REQUIREMENT >> Verbatim transcription with images omitted: return the entries below in full.

===== DATA SUPPLIED =====

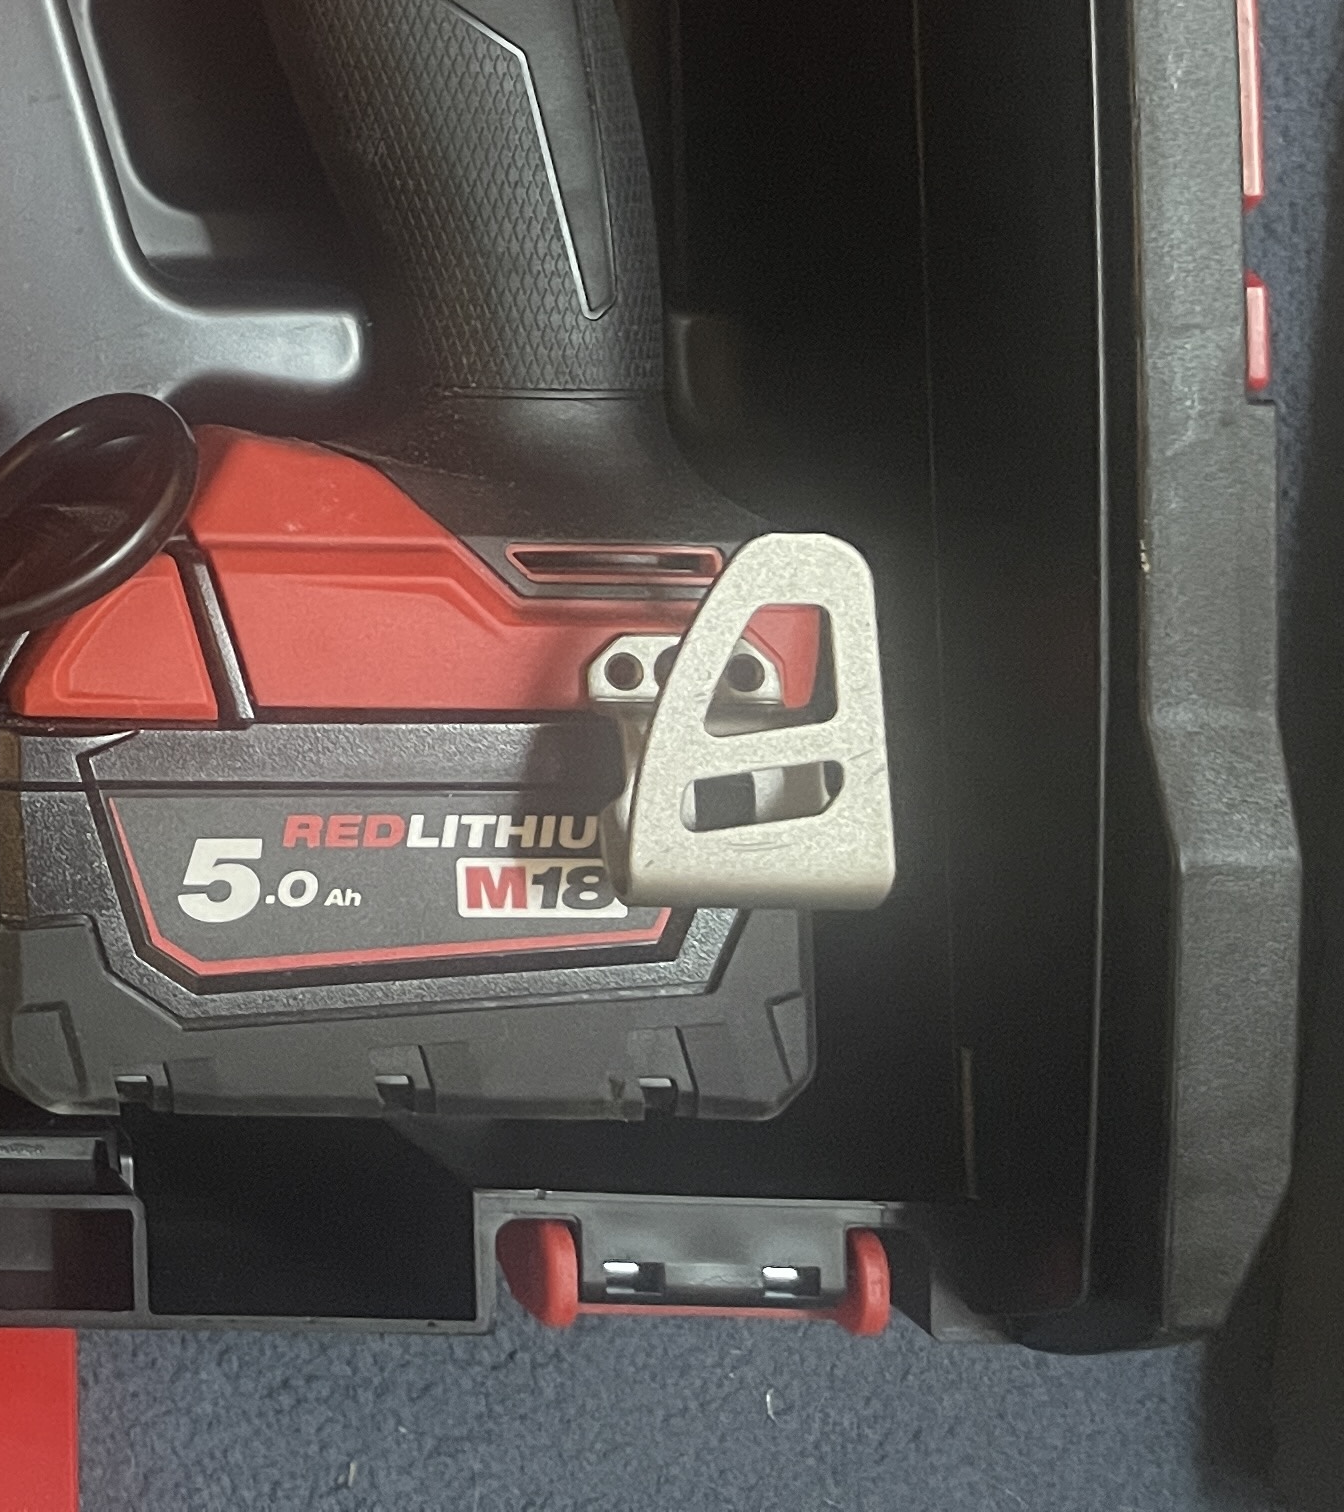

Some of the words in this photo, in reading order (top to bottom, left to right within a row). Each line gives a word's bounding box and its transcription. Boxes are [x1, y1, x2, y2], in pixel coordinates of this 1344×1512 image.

[281, 813, 600, 850] REDLITHIU
[177, 838, 319, 923] 5.0
[323, 888, 362, 907] Ah
[464, 865, 617, 911] M18

=====

RESPONSE >>
Some of the words in this photo, in reading order (top to bottom, left to right within a row). Each line gives a word's bounding box and its transcription. Boxes are [x1, y1, x2, y2], in pixel coordinates of this 1344×1512 image.

[281, 813, 600, 850] REDLITHIU
[177, 838, 319, 923] 5.0
[323, 888, 362, 907] Ah
[464, 865, 617, 911] M18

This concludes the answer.